----- Provided data

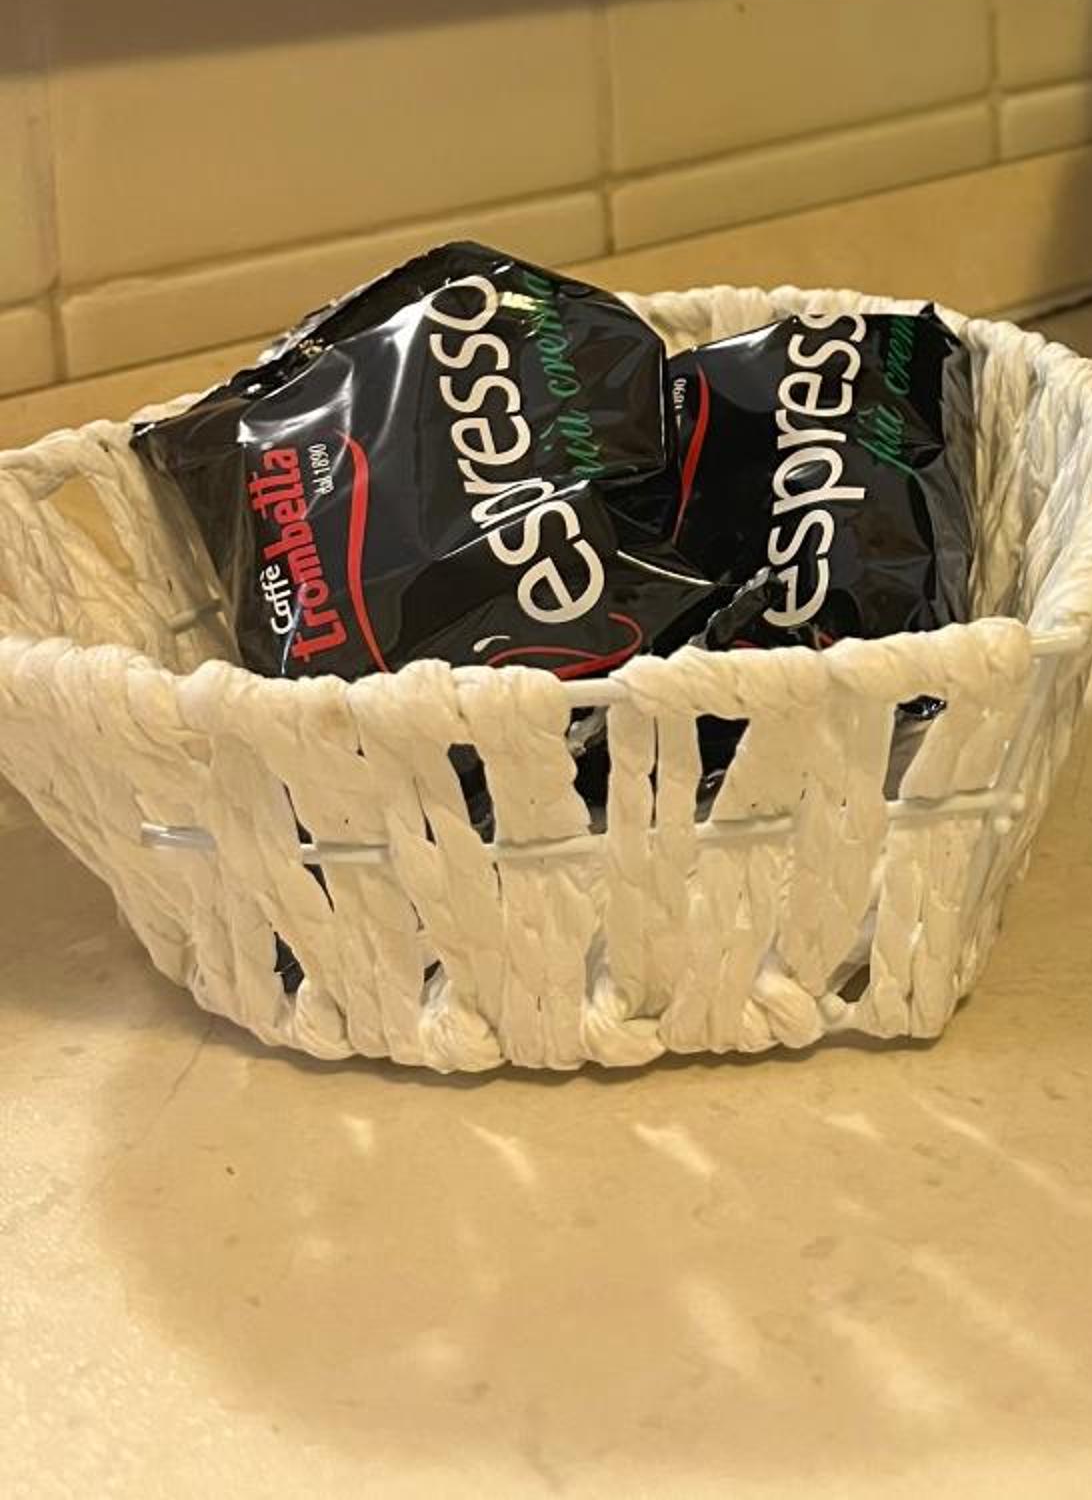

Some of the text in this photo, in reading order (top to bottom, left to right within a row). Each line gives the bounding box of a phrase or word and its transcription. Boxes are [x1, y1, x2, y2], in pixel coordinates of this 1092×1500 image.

[307, 444, 331, 476] 1890
[425, 275, 605, 623] espresso
[247, 448, 347, 663] trombetta
[260, 562, 293, 635] Caffè
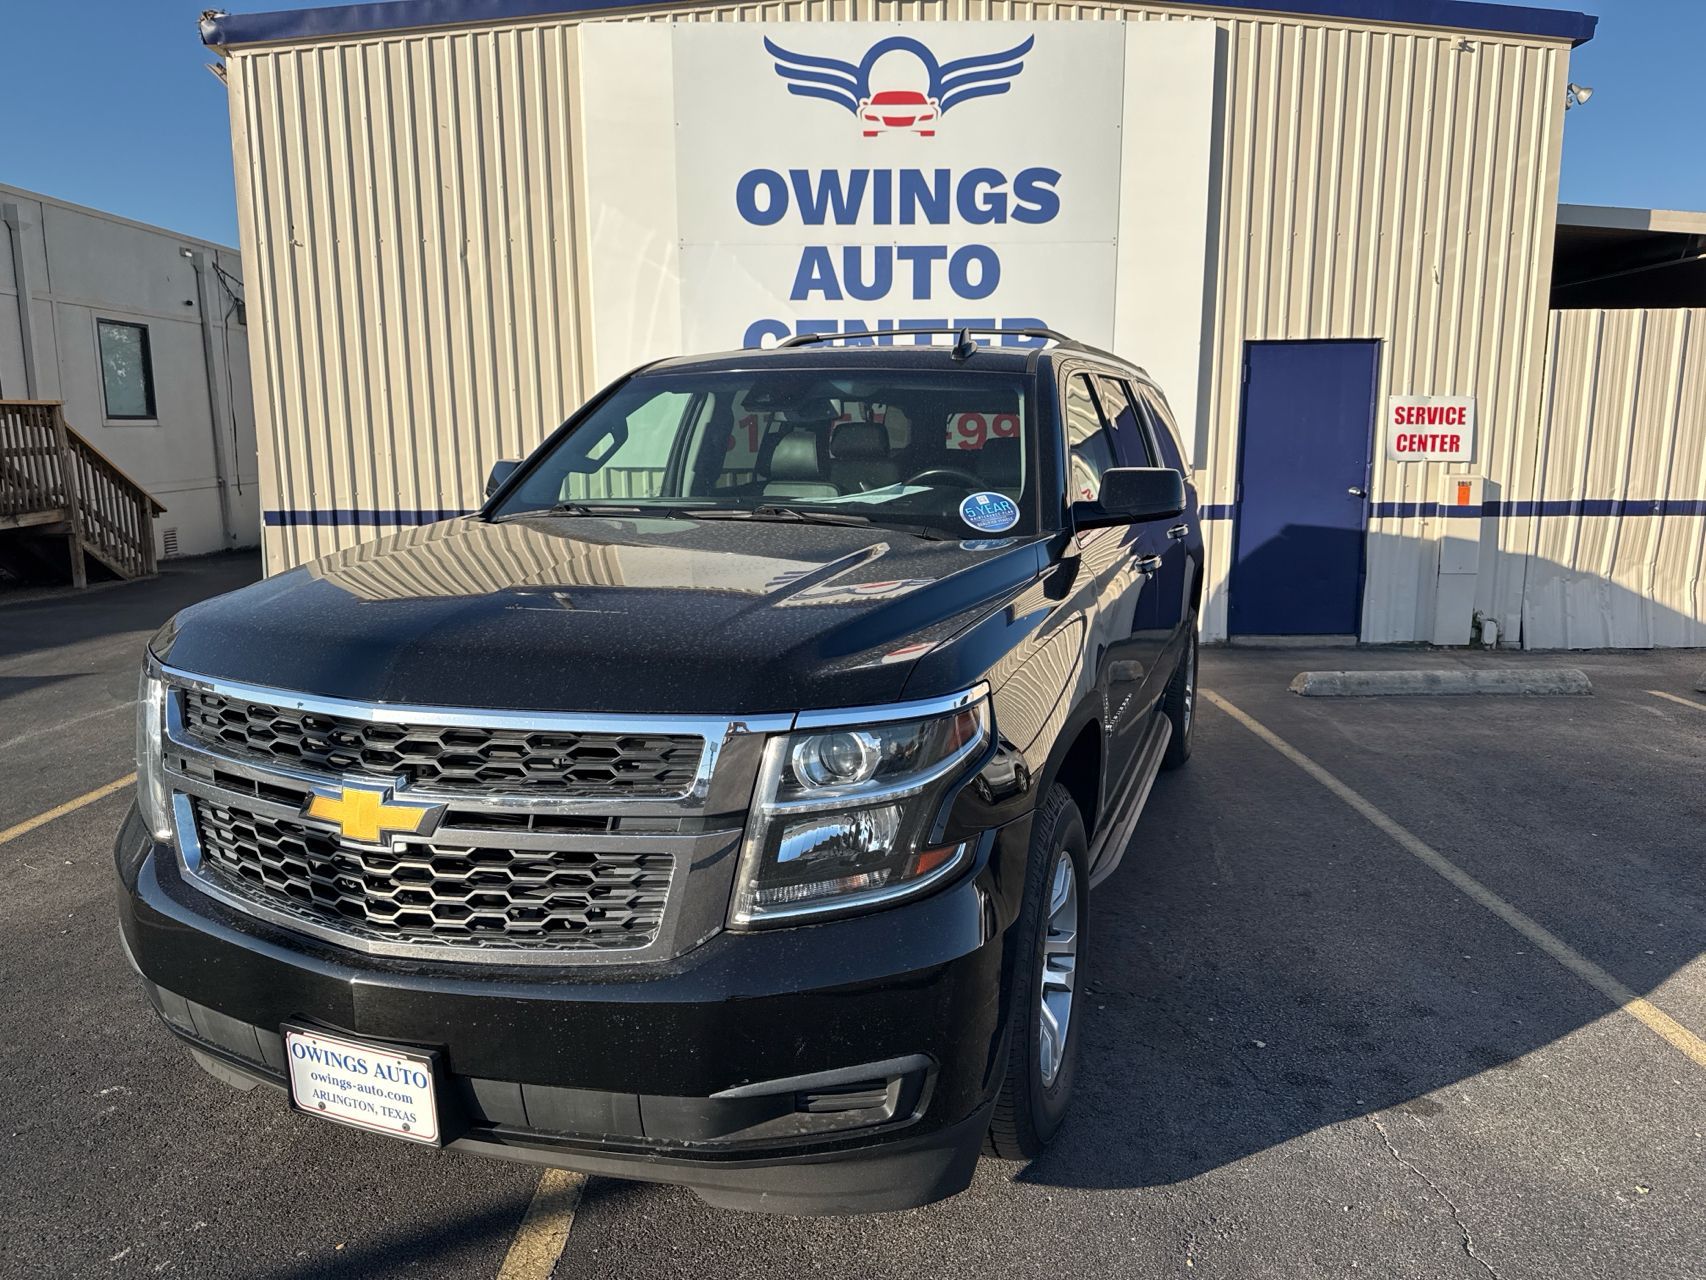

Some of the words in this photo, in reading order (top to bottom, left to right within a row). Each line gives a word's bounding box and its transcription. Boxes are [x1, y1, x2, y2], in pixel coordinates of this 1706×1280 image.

[736, 167, 1062, 226] OWINGS
[789, 243, 1001, 301] AUTO
[1394, 406, 1467, 425] SERVICE
[1396, 434, 1461, 453] CENTER
[965, 507, 976, 518] 5
[976, 500, 1011, 516] YEAR
[292, 1042, 369, 1075] OWINGS
[374, 1062, 428, 1089] AUTO
[311, 1071, 413, 1105] owings-auto.com
[312, 1088, 378, 1116] ARLINGTON,
[380, 1105, 417, 1123] TEXAS

----------

* What you have to do *
Pictures aside, repeat each entry in full and without change.

* Written solution *
Some of the text in this photo, in reading order (top to bottom, left to right within a row). Each line gives the bounding box of a phrase or word and its transcription. Boxes are [x1, y1, x2, y2], in pixel coordinates of this 1092×1500 image.

[307, 444, 331, 476] 1890
[425, 275, 605, 623] espresso
[247, 448, 347, 663] trombetta
[260, 562, 293, 635] Caffè

Some of the words in this photo, in reading order (top to bottom, left to right within a row). Each line gives a word's bounding box and its transcription. Boxes are [x1, y1, x2, y2], in pixel coordinates of this 1706×1280 image.

[736, 167, 1062, 226] OWINGS
[789, 243, 1001, 301] AUTO
[1394, 406, 1467, 425] SERVICE
[1396, 434, 1461, 453] CENTER
[965, 507, 976, 518] 5
[976, 500, 1011, 516] YEAR
[292, 1042, 369, 1075] OWINGS
[374, 1062, 428, 1089] AUTO
[311, 1071, 413, 1105] owings-auto.com
[312, 1088, 378, 1116] ARLINGTON,
[380, 1105, 417, 1123] TEXAS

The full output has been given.